Blast from the Past

by Peter Kranz, Paleontologist

"The engineer giveth and the engineer taketh away." This is the motto of the modern day paleontologist, a person who studies fossils. Everyone thinks that diggers and blasters only destroy, but with out the diggers and blasters our museum exhibits would be a lot more empty than they are today.

Here in the eastern United States there is a great amount of rain fall which leads to lots of vegetation ground color. And what the plants fail to cover is by asphalt, concrete and building. Excavation for projects, public and private, reveals fossils, remains of prehistoric plants and animals, which are then available for study by scientist. Most of the discoveries are brought to the attention of scientist by the diggers themselves without whose sharp eyes and presence of mind important fossil finds would be lost.

In times past, much more work was done by a man with a shovel. He was close to the earth. Nowadays, most work is done with big machines removing the digger far from the earth. In many cases, the operator never even sees the earth he digs. A recent case from Ireland indicates how serious the problem can be. In the past, many ancient human bodies were dug out of peat bogs by men with spades but with modern peat cutting machines a recent body had to be pieced back together from the dozens of pieces it had been chopped into by the machine. So, nowadays, it is the alert digger and blaster who find a fossil on his lunch hour or while on break.

Important fossil finds at construction sites in the National Capital Region

Bones of all sort of exciting extinct animals have been discovered in the course of construction in the National Capital Region including dinosaurs, mammoths, extinct sea lizards, whales, rhinos, deer, bison and even mice. One geologist, R.S. Bassler, once called our region a "geologist's paradise" because within a 50 to 100 mile radius of Washington, D.C. we find rocks representing virtually all of Earth's history.

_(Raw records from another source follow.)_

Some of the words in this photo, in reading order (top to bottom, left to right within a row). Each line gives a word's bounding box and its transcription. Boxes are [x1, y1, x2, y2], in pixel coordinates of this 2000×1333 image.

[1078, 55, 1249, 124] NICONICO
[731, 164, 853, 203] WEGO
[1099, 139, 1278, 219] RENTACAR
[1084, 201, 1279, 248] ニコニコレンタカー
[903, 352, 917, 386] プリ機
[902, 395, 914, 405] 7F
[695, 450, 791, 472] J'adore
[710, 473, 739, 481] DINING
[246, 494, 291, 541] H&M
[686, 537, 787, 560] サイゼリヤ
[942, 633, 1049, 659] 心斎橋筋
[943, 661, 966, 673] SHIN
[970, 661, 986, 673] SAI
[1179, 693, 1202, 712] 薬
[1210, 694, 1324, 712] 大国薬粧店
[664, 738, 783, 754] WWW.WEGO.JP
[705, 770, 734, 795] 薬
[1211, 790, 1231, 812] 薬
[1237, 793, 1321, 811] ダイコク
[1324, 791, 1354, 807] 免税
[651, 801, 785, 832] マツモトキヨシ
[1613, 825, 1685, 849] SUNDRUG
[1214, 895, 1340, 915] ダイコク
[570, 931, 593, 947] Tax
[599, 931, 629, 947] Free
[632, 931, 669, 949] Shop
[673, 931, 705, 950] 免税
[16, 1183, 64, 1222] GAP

I will tell only a few of the stories I have been involved in about discoveries of bones of extinct animals in the past ten years.

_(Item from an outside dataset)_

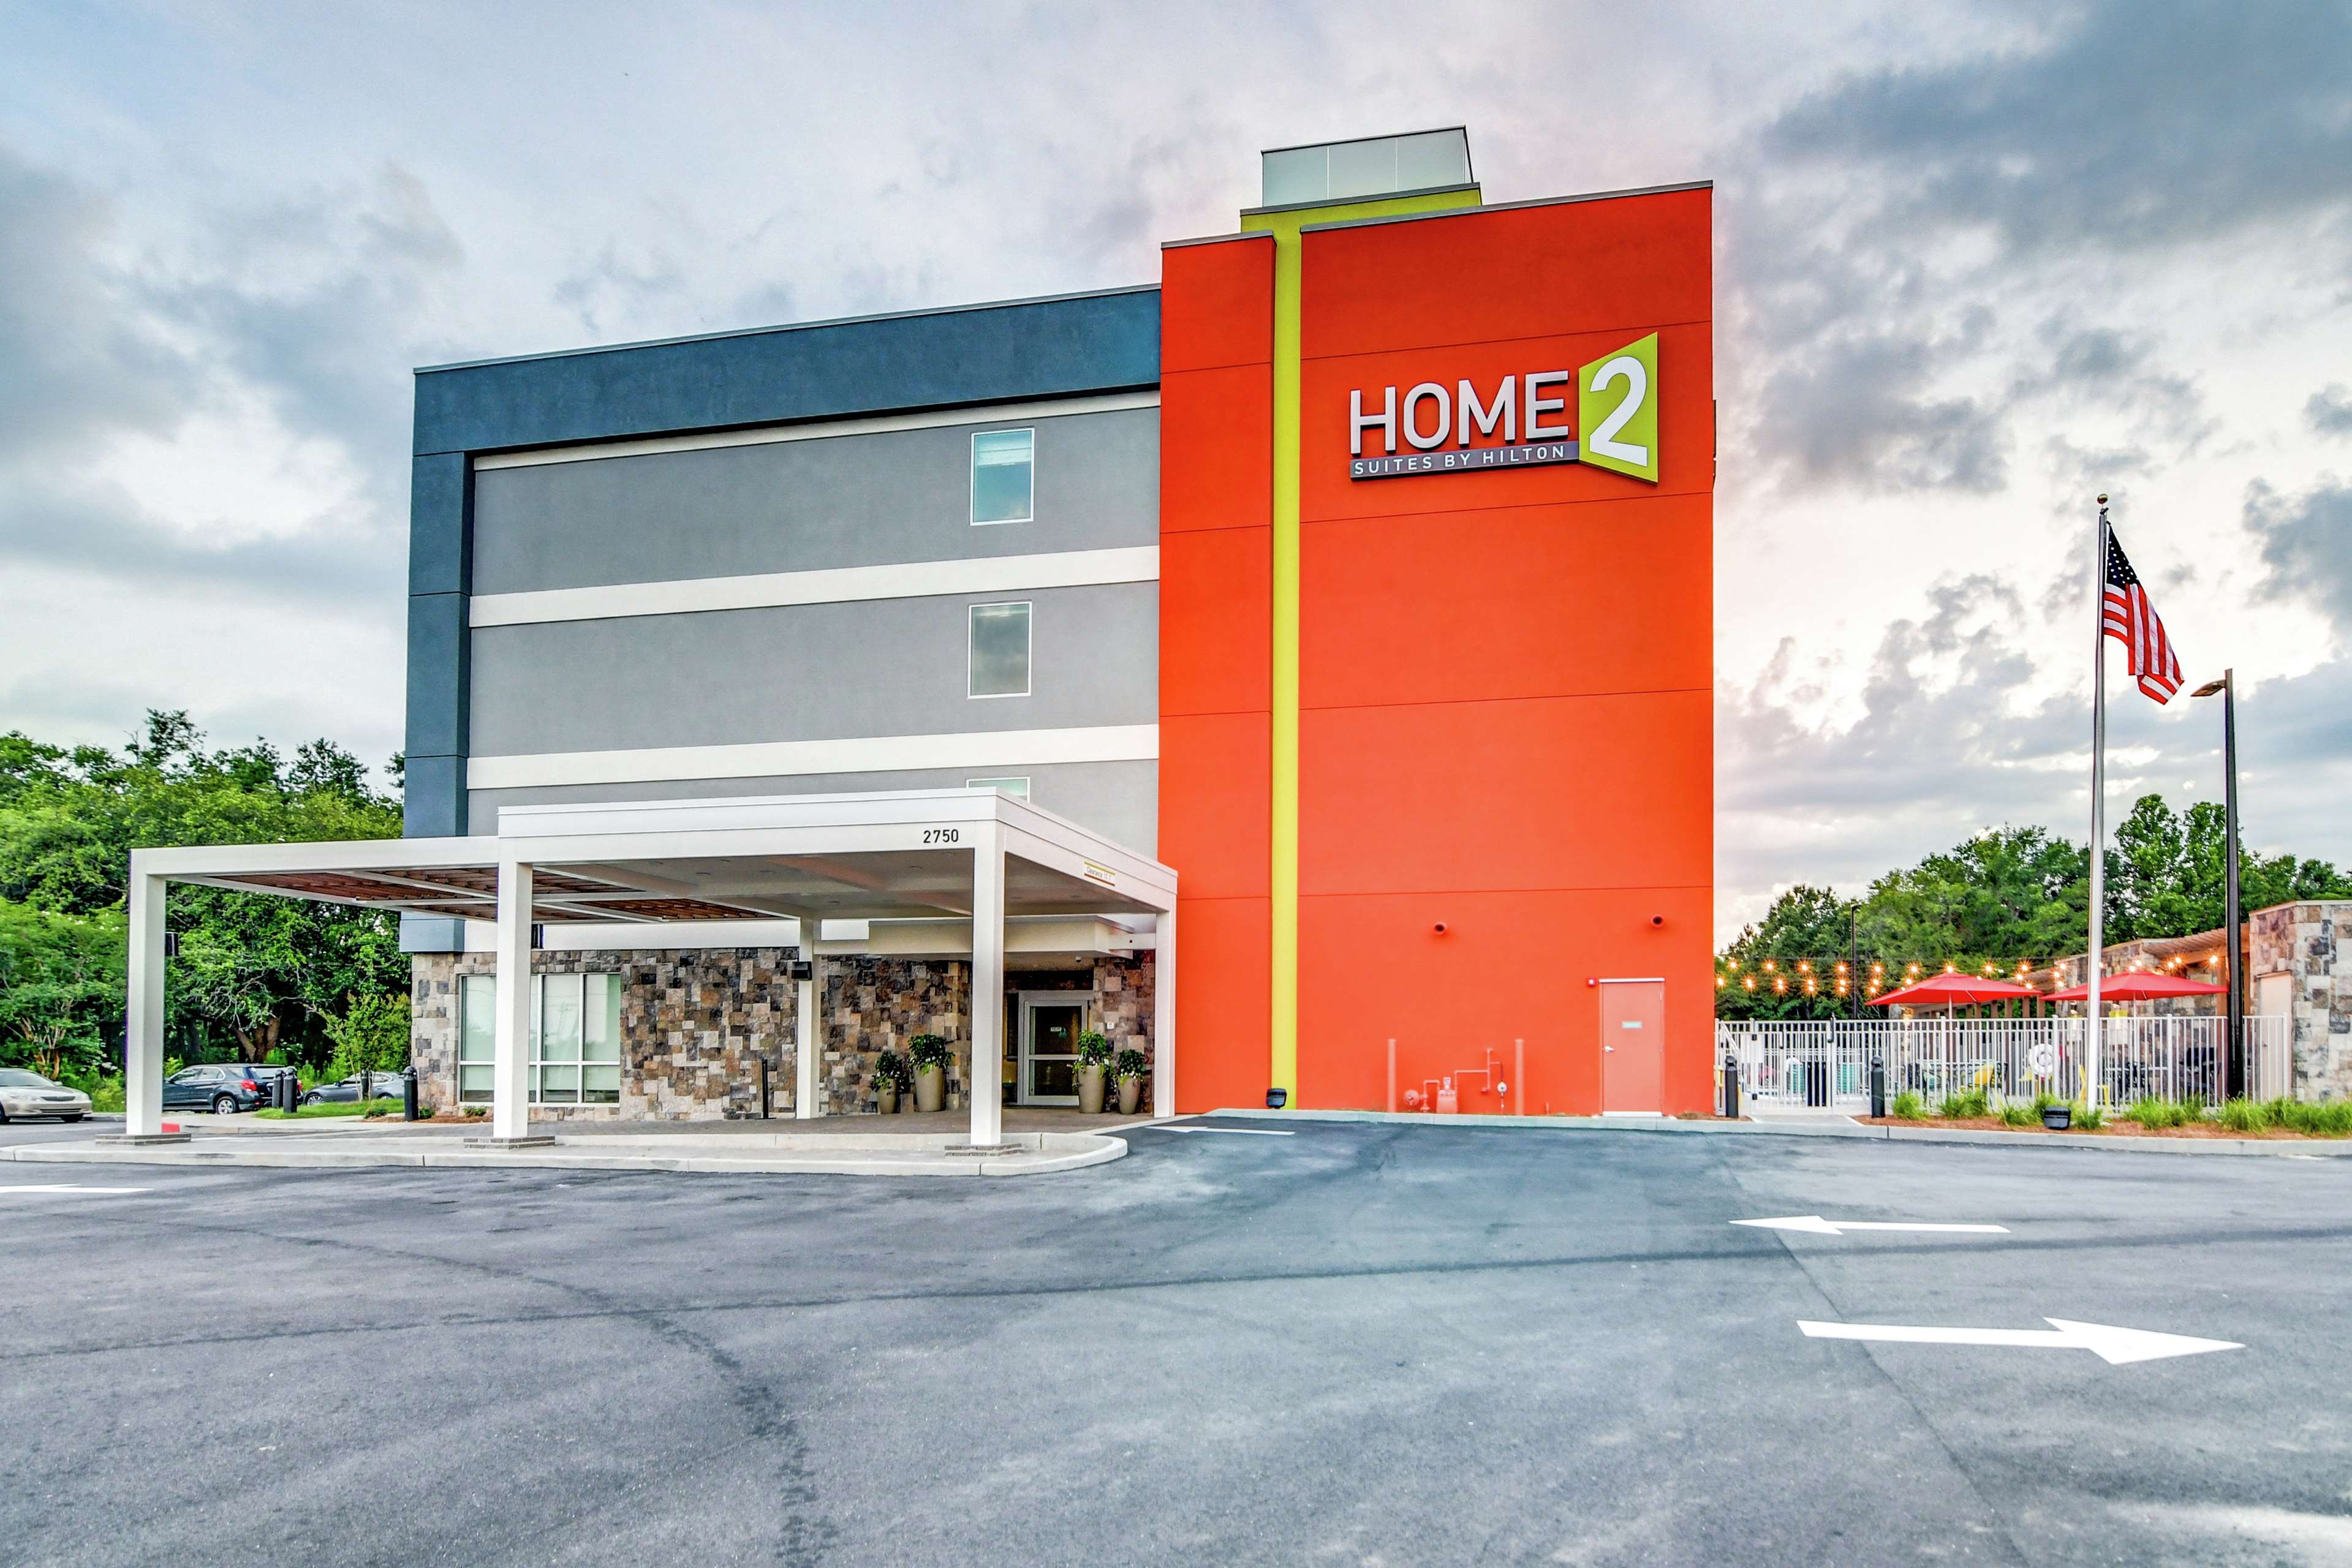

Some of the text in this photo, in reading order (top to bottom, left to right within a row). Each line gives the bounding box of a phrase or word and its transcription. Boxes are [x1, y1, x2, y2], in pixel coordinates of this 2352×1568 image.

In May 1991, I was asked to speak to the Natural History Society of Maryland. I told them that we were finding dinosaur bones between Washington and Baltimore along the Route 1 corridor. I said that if they went out and looked they might make an important find themselves.

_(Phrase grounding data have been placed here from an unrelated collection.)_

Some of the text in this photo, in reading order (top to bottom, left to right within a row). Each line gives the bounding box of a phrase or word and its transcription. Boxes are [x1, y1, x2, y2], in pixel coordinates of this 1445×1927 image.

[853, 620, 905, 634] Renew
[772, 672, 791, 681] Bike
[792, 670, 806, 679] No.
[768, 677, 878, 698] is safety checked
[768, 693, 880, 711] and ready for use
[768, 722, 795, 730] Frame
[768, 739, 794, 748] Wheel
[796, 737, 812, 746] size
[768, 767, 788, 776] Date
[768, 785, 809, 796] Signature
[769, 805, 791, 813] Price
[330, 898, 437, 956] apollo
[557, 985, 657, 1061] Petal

The next Sunday one of the men who heard the lecture took his children to look for dinosaur fossils in a clay pit near his home in Greenbelt. He knew that he needed to find a place with green clay, lignite and ironstone, the indicators of an environment where dinosaur bones can be found.

When they arrived at the clay pit, they collected lignite for a while, until one piece which he picked up he recognized as fossil bone. It was obviously a piece of an extremely large bone. He knew someone at the Smithsonian and called him. The crew came out and recovered what turned out to be the largest dinosaur bone ever found east of the Mississippi. It is a leg bone from a sauropod, a dinosaur with a long neck and long tail, called Astrodon johnstoni now Maryland's official state dinosaur. The bone can be seen at the Maryland Science Center's exhibit of local dinosaurs at Baltimore's Inner Harbor.

Leapin' Lizards

On a Saturday in 1989 I was leading a group of children on a fossil field trip for a birthday party. We went to a place where new homes were being constructed.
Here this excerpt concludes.